The Huffington Post summarizes a new Moody’s Investor Service report that could significantly alter municipal California’s fiscal future:
Moody’s reports that some cities are turning bankruptcy as a new strategy to take on budget deficits and avoid obligations to bondholders, an emerging dynamic that could have ripple effects throughout the investment community.
The municipal bond market has long been characterized by low default rates and relatively stable finances, Moody’s said, but that outlook is beginning to change as bankruptcy becomes a tool for cash-strapped cities.
Already three California cities – Stockton, San Bernardino, and Mammoth Lakes – have filed for bankruptcy. HuffPo quotes Moody’s as saying that of California’s 482 cities, more than 10 percent have declared a fiscal crisis.

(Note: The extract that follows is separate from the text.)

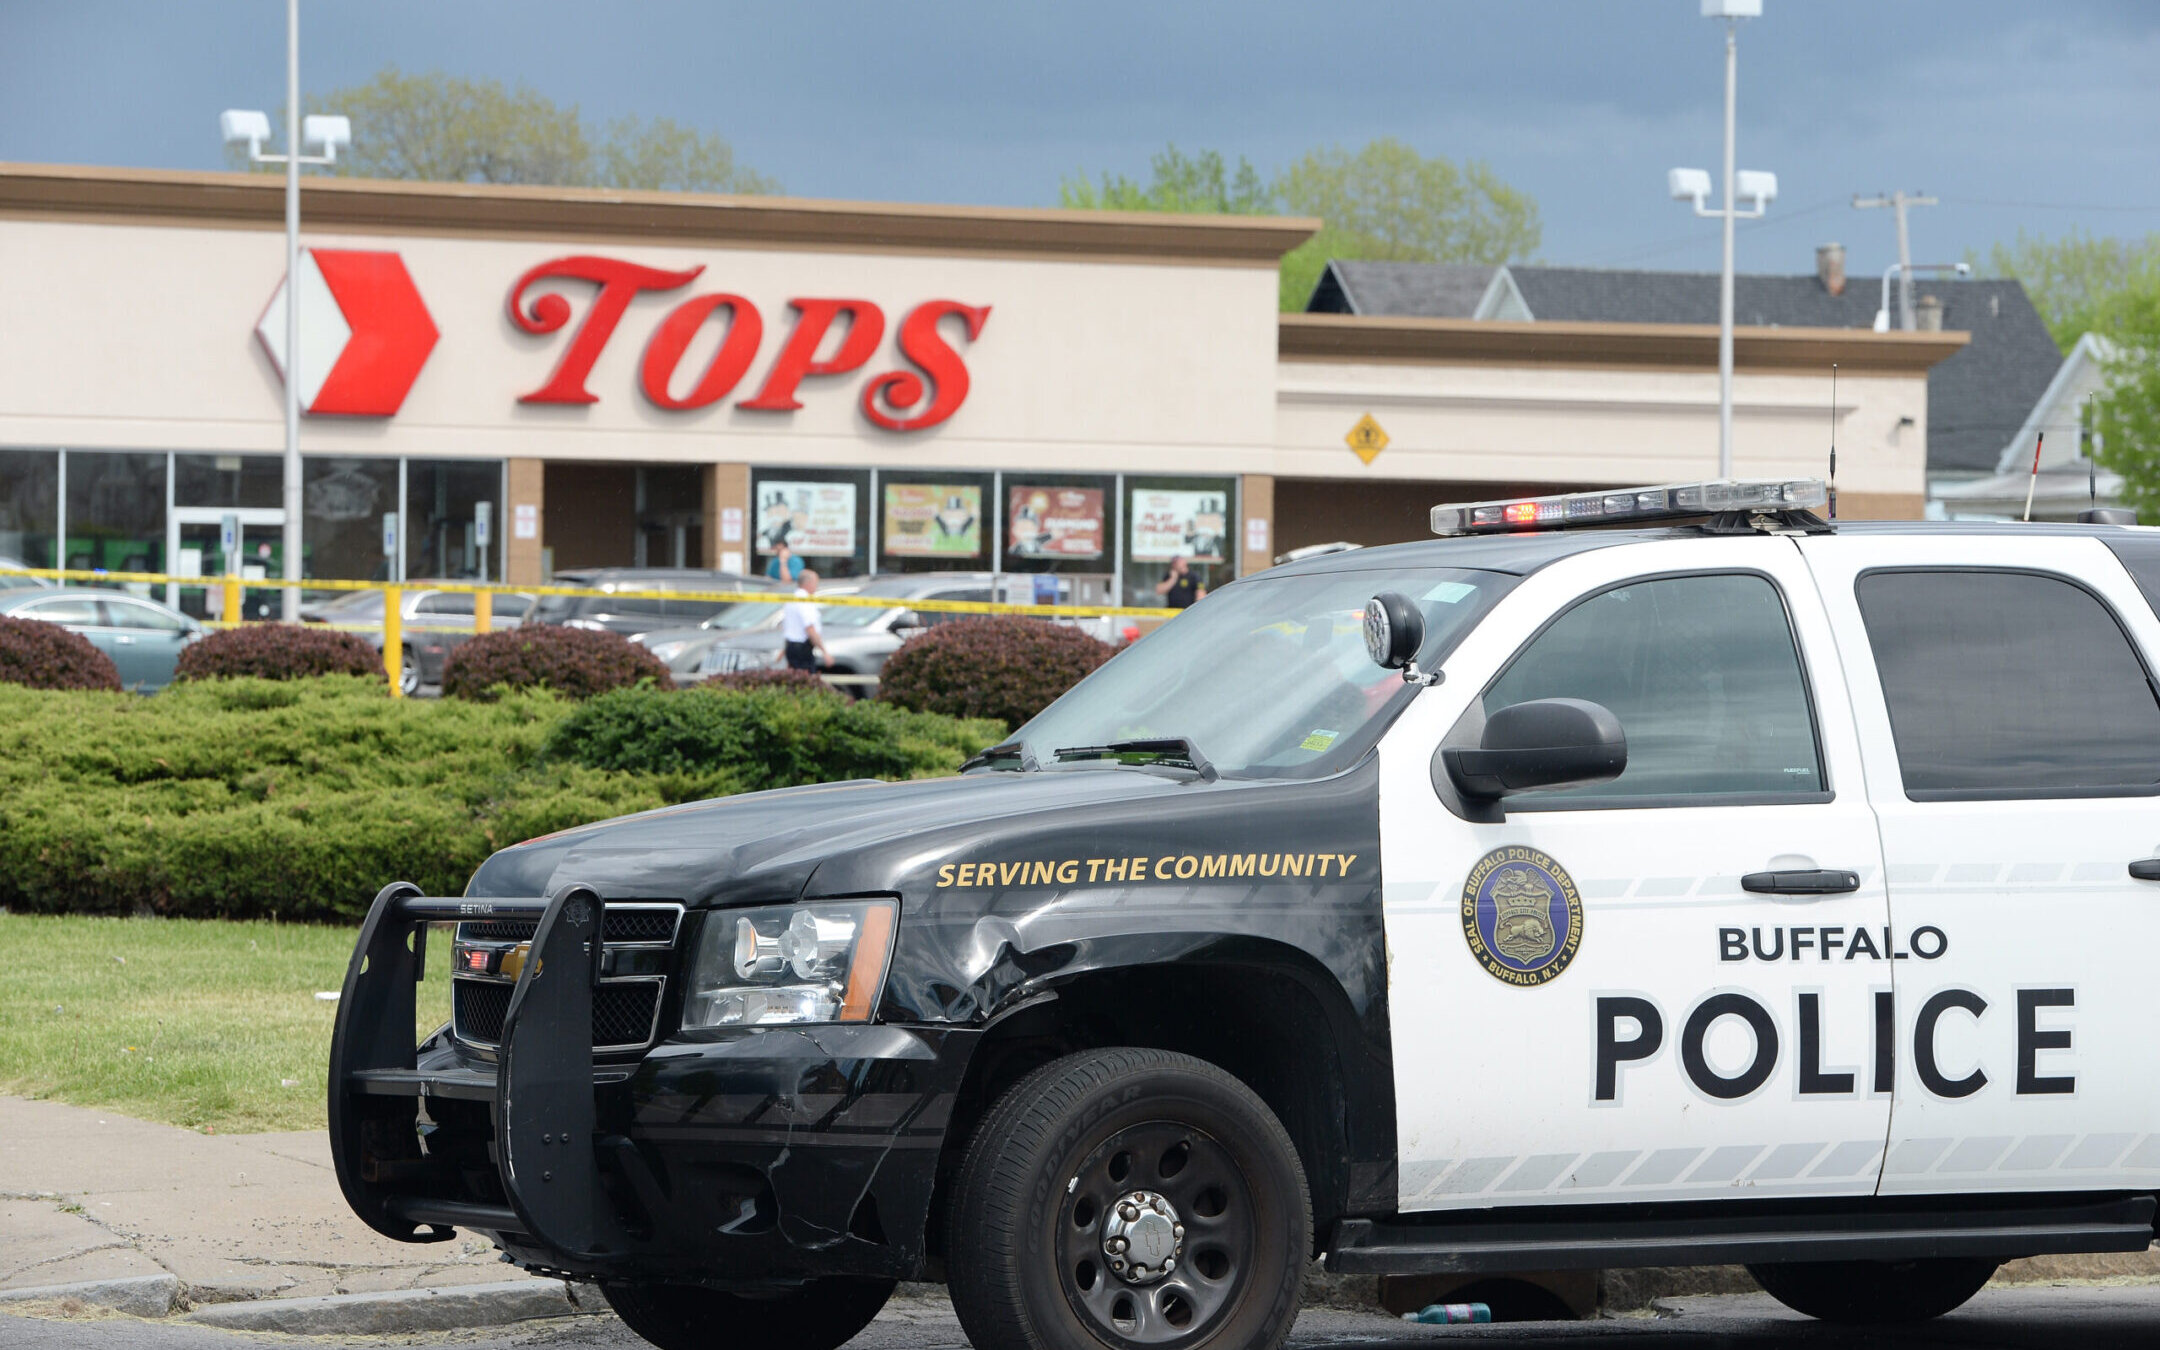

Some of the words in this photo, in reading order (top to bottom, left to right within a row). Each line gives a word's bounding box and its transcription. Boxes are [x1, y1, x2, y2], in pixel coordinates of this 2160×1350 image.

Historically, municipal bonds have been some of the safest investments on the market because cities are presumed by analysts to want to pay back their debt in order to maintain access to public bonds. (Bonds pay for things like school buildings, roads, sewage systems, etc.)
Since California is responsible for 20 percent of the nationwide muni bonds in circulation, a downgrade by a ratings agency like Moody’s would have a significant negative effect on the value of heretofore safe investments. If investors see California as an unsafe bet – and why wouldn’t they – expect to see the muni bond market dry up and even more cities opting for bankruptcy.
In other words, this is very bad.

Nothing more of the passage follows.